At a personal level, Jane is a well disciplined, industrious student with a pleasant personality. She went well beyond the course requirements in the quantity and quality of her project, putting in a lot of extra research and attending office hours every week. Throughout the course, Jane demonstrated great perseverance and initiative. She was not only interested in and motivated to learn the material, but put great work into assimilating it to her own experience and developing her own ideas about each ethical topic that we discussed.
Jane is unquestionably an exceptional candidate for graduate study in Ethics. Jane’s work in Philosophy 111 suggests that she would greatly benefit from the opportunities for intellectual development provided by a sustained period of graduate study. She has proven herself to have the perseverance and initiative, and the intellectual creativity necessary to complete an advanced graduate degree. I would therefore highly recommend Jane Doe. If her performance in my class is a good indication of how she would perform as a graduate student, she would be an extremely positive asset to your program.

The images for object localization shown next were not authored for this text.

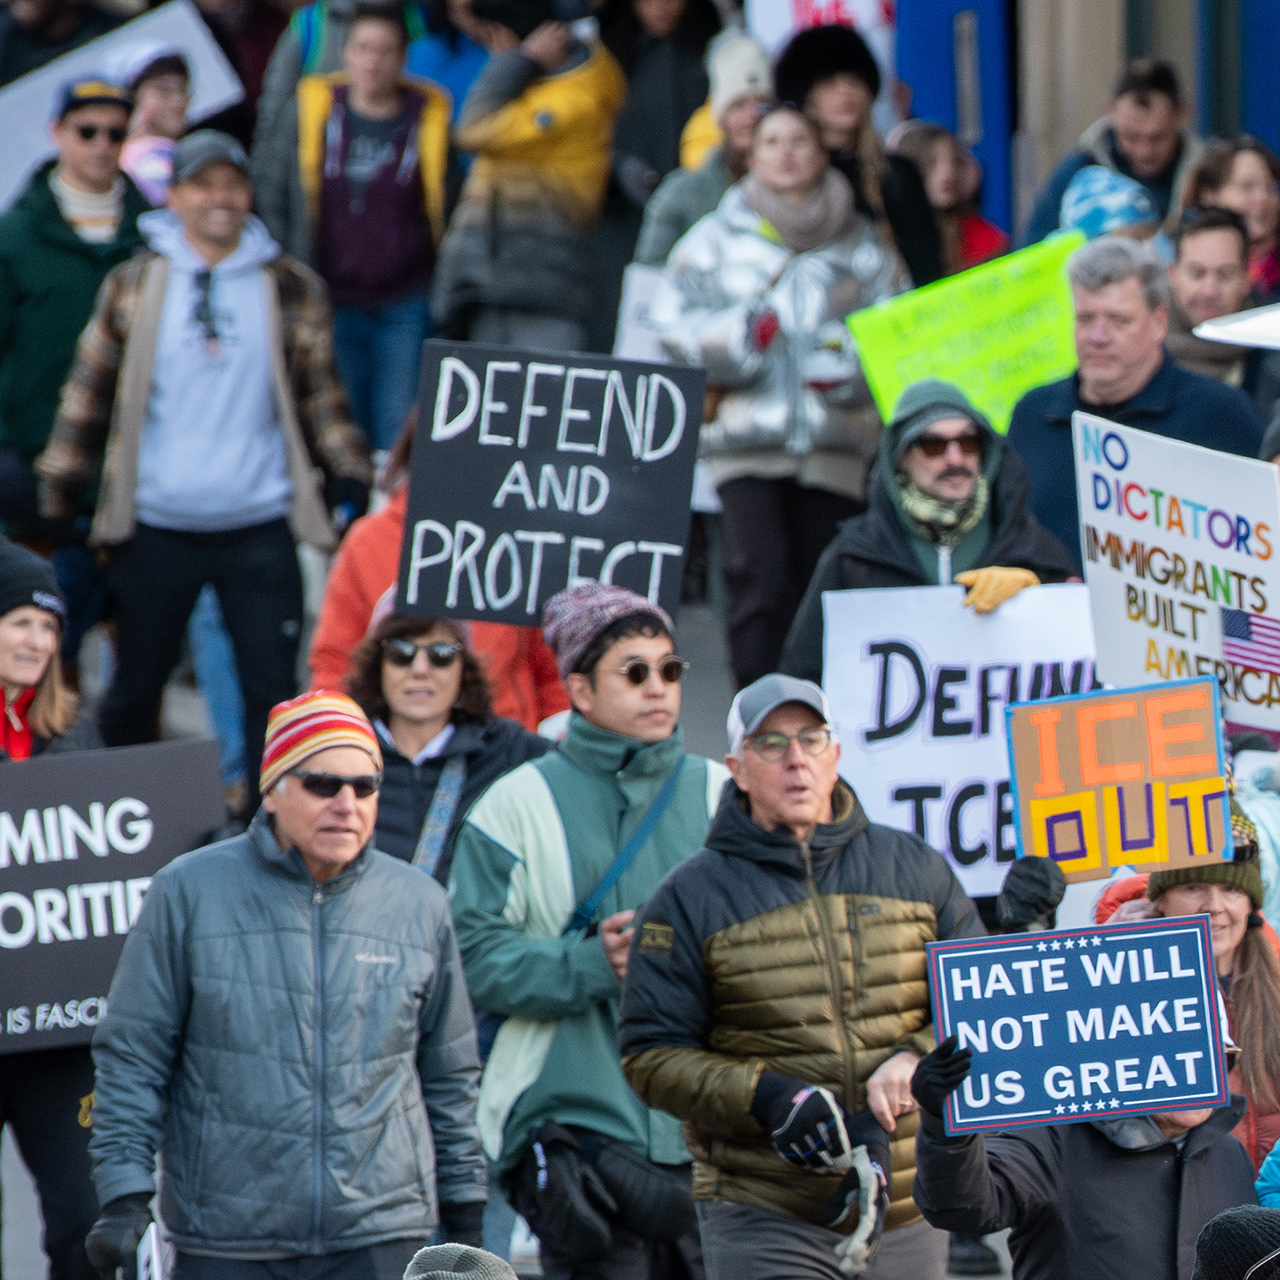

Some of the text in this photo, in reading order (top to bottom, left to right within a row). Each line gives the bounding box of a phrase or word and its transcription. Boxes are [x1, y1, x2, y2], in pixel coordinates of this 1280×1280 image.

[431, 357, 686, 461] DEFEND
[1083, 421, 1129, 472] NO
[492, 461, 610, 516] AND
[1091, 472, 1273, 561] DICTATORS
[406, 520, 683, 614] PROTECT
[1084, 524, 1267, 612] IMMIGRANTS
[1126, 585, 1209, 642] BUILT
[1031, 689, 1217, 797] ICE
[1030, 777, 1227, 880] OUT
[950, 944, 1196, 1001] HATE WILL
[956, 998, 1201, 1054] NOT MAKE
[962, 1052, 1203, 1110] US GREAT

If I can be of any further assistance, or provide you with any further information, please do not hesitate to contact me.
[Sender’s Name and Title]
General Outline of the Recommendation Letter
Recommendation letters are letters written by professors who know you, assessing you capacity to meet the requirements of a program you are applying for. They’re supposed to help decision-makers to get a better picture of your potential. Due to different reasons, if you are a student in Eastern Europe (including Russia) you will often find yourself in the position to write these letters yourself. The professor will, in this case, only proof-read and sign the text.

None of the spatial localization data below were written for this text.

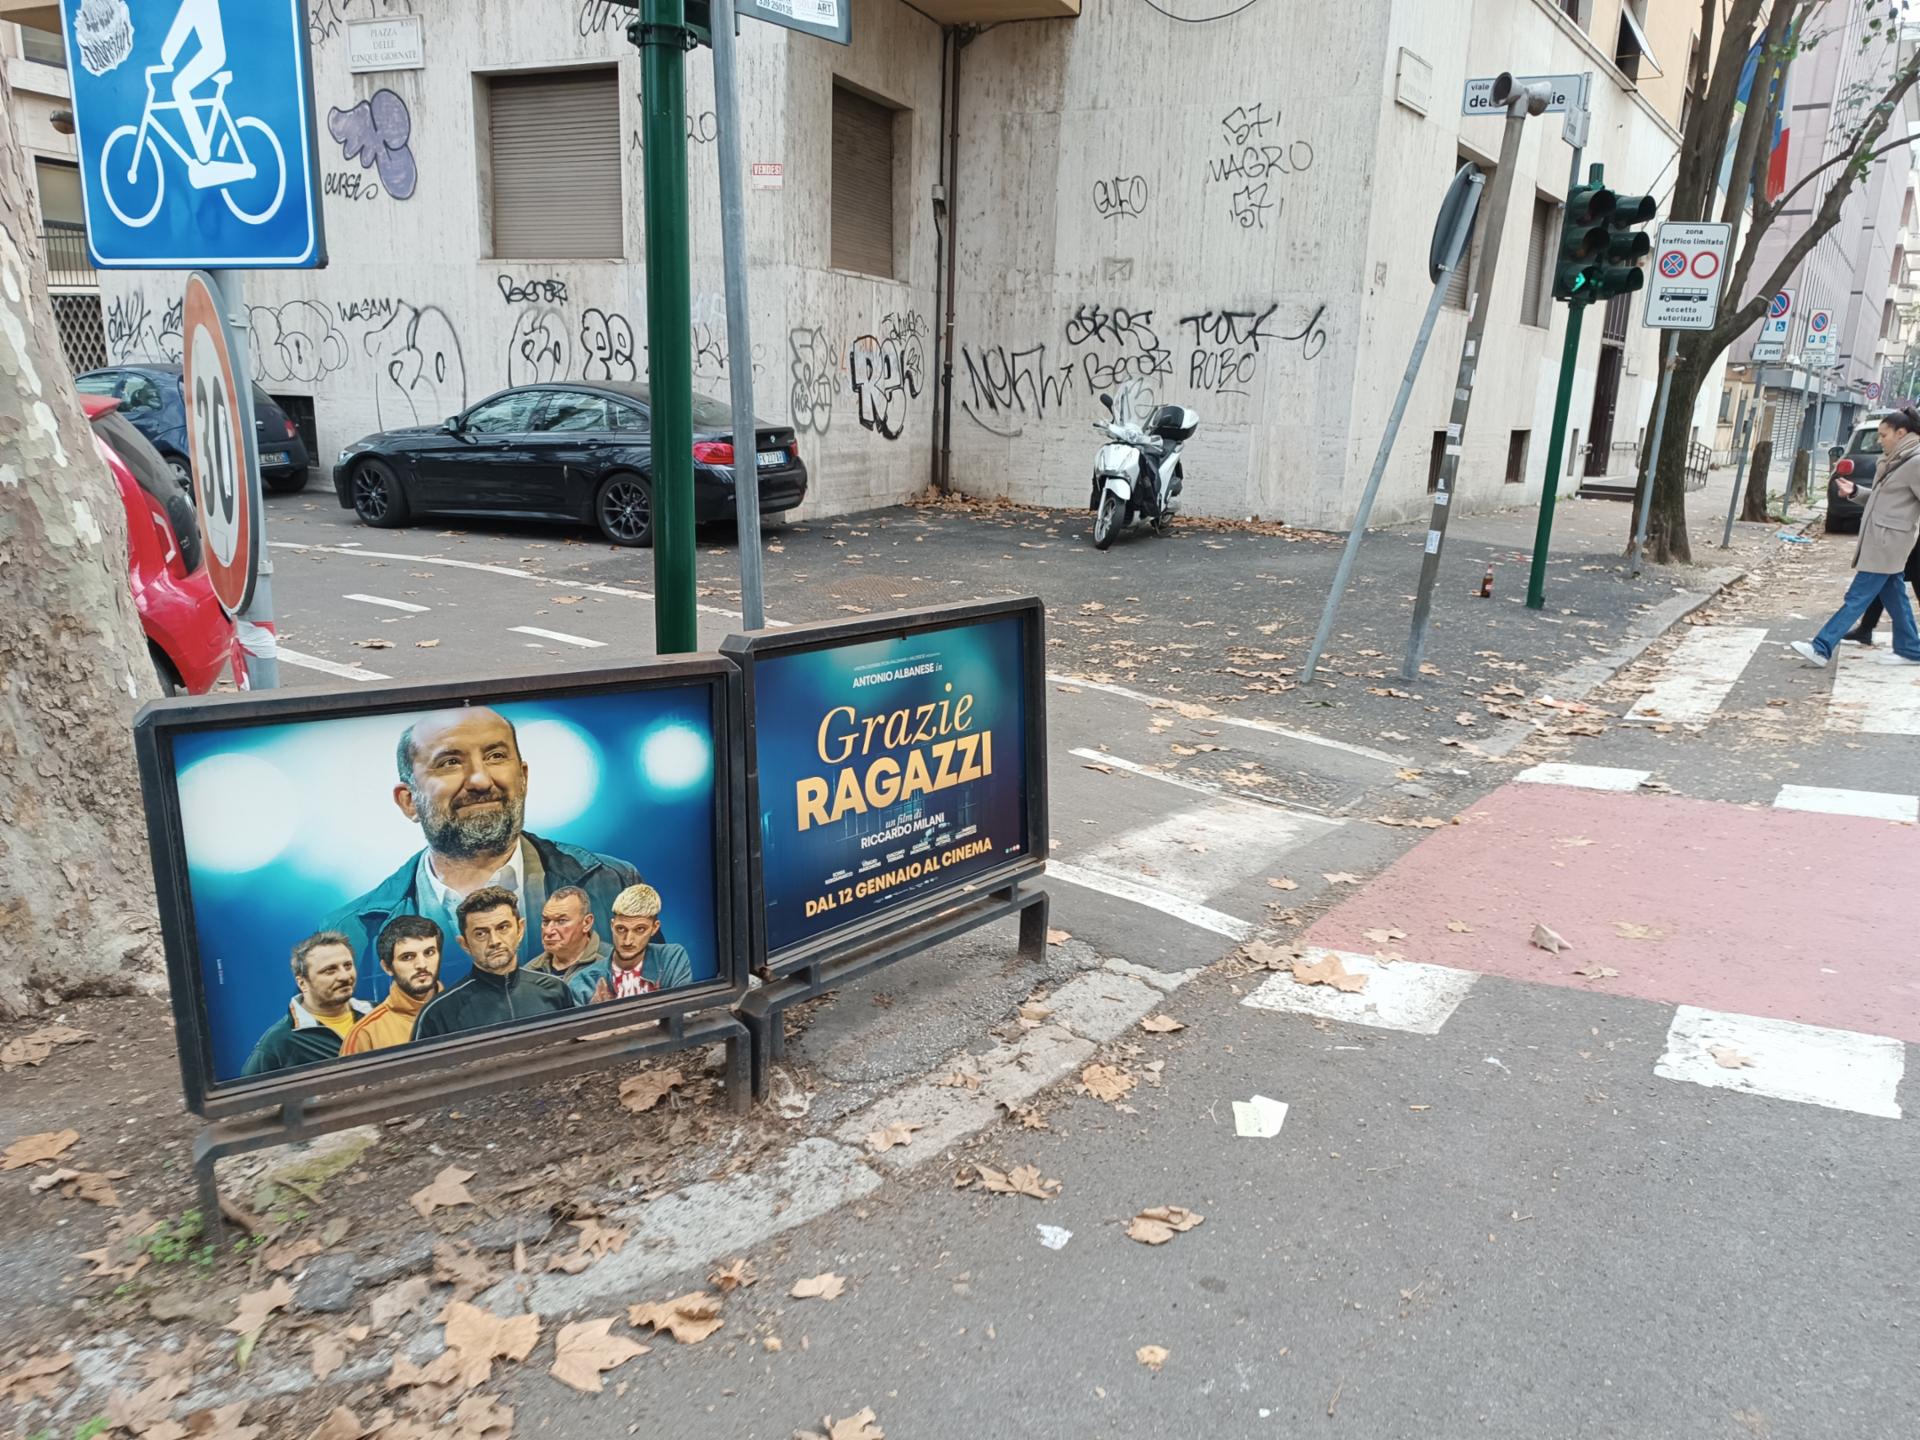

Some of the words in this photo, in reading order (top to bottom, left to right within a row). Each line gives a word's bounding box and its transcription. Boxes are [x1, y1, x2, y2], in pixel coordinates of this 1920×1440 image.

[371, 27, 398, 38] PIAZZA
[373, 39, 395, 50] DELLE
[352, 54, 378, 64] CINQUE
[380, 49, 417, 60] GIORNATE
[1658, 315, 1702, 323] autorizzati
[197, 376, 234, 525] 30
[853, 671, 893, 689] ANTONIO
[894, 663, 935, 680] ALBANESE
[935, 662, 943, 672] in
[817, 682, 974, 764] Grazie
[796, 730, 993, 832] RAGAZZI
[861, 823, 912, 849] RICCARDO
[912, 812, 945, 832] MILANI
[885, 819, 896, 829] un
[897, 813, 913, 827] film
[914, 808, 922, 820] di
[805, 893, 837, 918] DAL
[838, 887, 853, 905] 12
[855, 862, 922, 898] GENNAIO
[923, 858, 941, 875] AL
[941, 837, 993, 867] CINEMA

Recommendation letter usually starts by stating the name of the professor who writes the letter and his/her title, together with the name of the student for whom the letter is written. The professor should also state since when has s/he known the students: year, class or other activity. It should in any case be clear that the professor had the opportunity to get to know the student well and assess his/her capabilities. If the person does research work under your guidance, indicate the type of research, the responsibilities of the student, and any significant projects undertaken by the individual. You may wish to include a sentence about the nature of your research group and its activities. Here, you can also give a one-sentence summary or overview of your opinion of the recommended individual.
Next 2-4 Paragraphs
The assessment of the student’s capabilities should be made from a multiple point of view over the next 3-4 paragraphs. From a professional point of view, it should give account of the student’s knowledge, interests and capabilities, activities and results, work capacity, etc. Personally, it should assess the student’s personal characteristics, character, social skills, his or her relations with the students and professors. Same as in other application documents, the direction should be from facts/experience to qualifications, and from those, to value judgments. Especially those skills relevant for the desired program should be outlined throughout the paper.

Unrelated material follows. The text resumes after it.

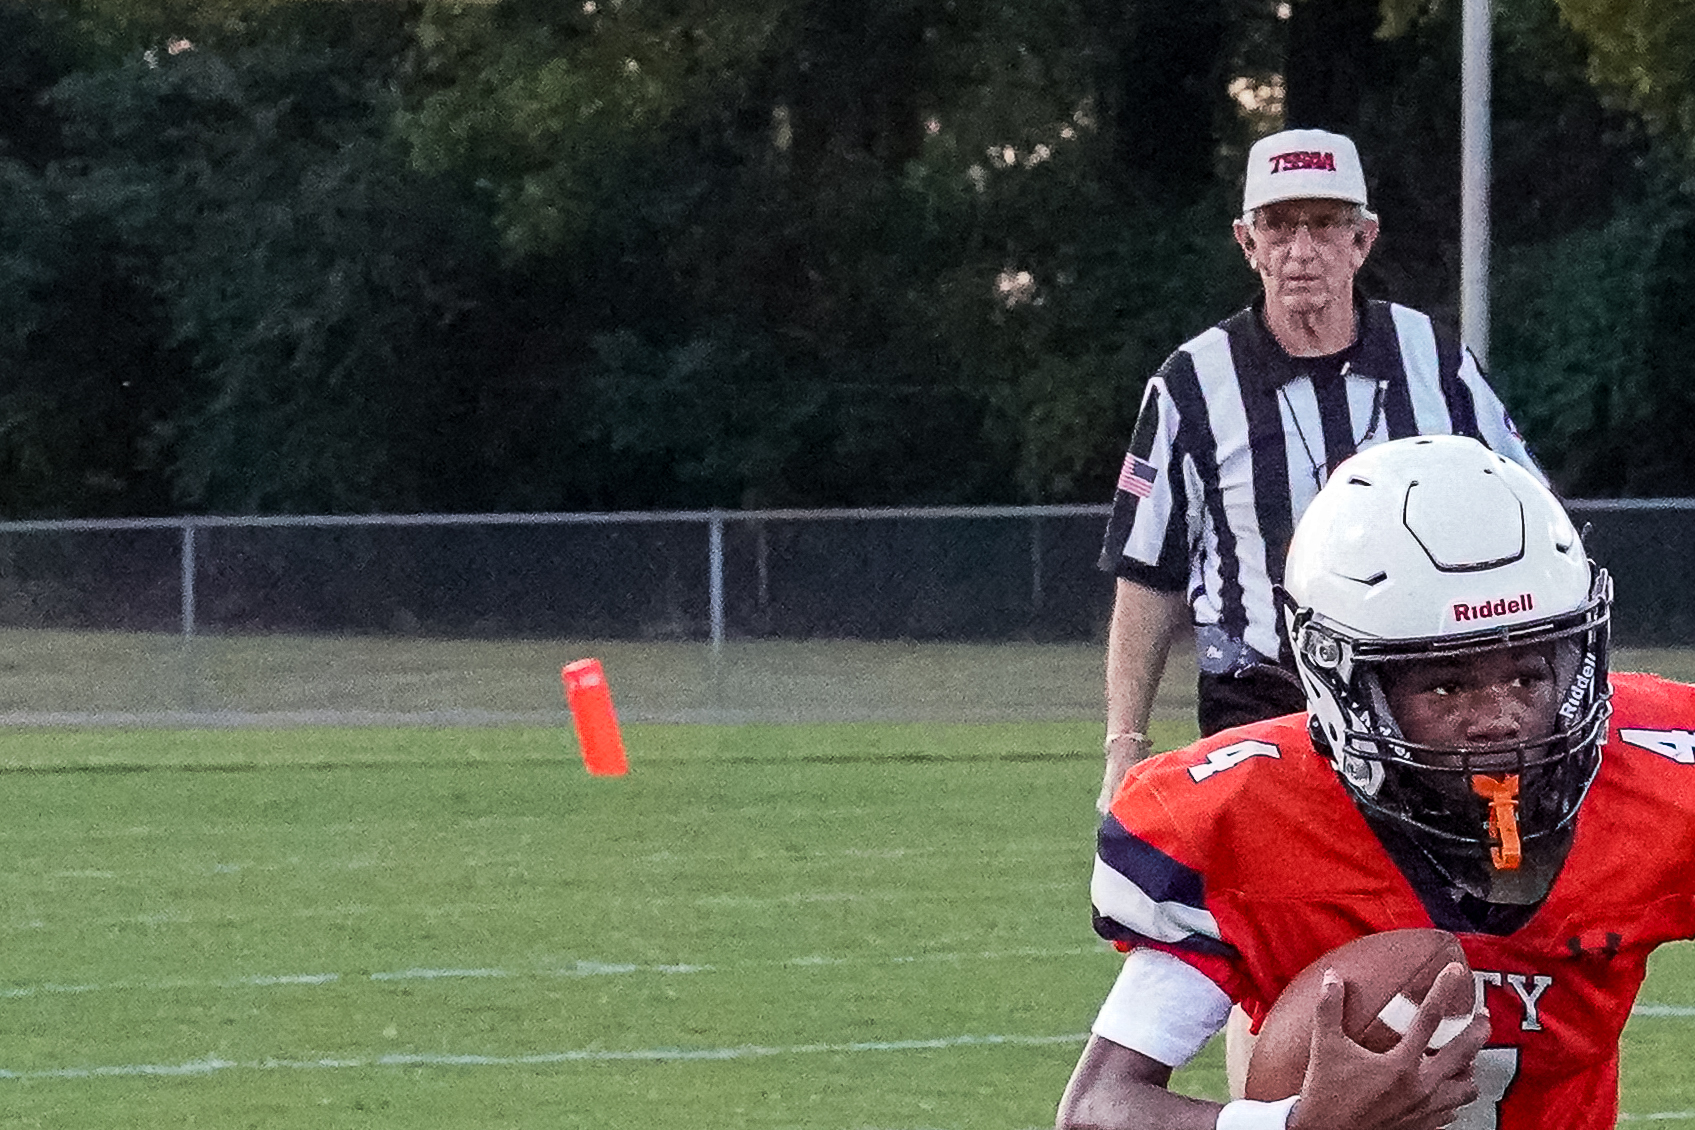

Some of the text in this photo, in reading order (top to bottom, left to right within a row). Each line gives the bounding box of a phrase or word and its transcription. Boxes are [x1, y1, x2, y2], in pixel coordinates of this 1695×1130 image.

[1454, 594, 1534, 622] Riddell
[1559, 652, 1597, 719] Riddell
[1187, 740, 1281, 783] 4
[1474, 971, 1552, 1030] TY

Concentrate on several different aspects of the person. Specifically identify his/her skills, attitudes, personal attributes, and growth, as well as his/her contributions to and performance within your organization. Also, if you do make negative comments, back them up with facts.
Beware of the power of words! Some words seem harmless in every day conversation, but carry positive or negative connotations to a prospective employer.
Avoid bland words such as:
nice, good, fairly, reasonable, decent, satisfactory, I hope, for sure
Use powerful words such as:
articulate, effective, sophisticated, intelligent, observant, significant, expressive, creative, efficient, cooperative, imaginative, assertive, dependable, mature, innovative
Some excellent points to address would be the following:
ability to communicate, intelligence, self-confidence, willingness to accept responsibility, initiative, leadership, energy level, imagination, flexibility, interpersonal skills, self-knowledge, ability to handle conflict, goal achievement, competitiveness, appropriate research skills, direction.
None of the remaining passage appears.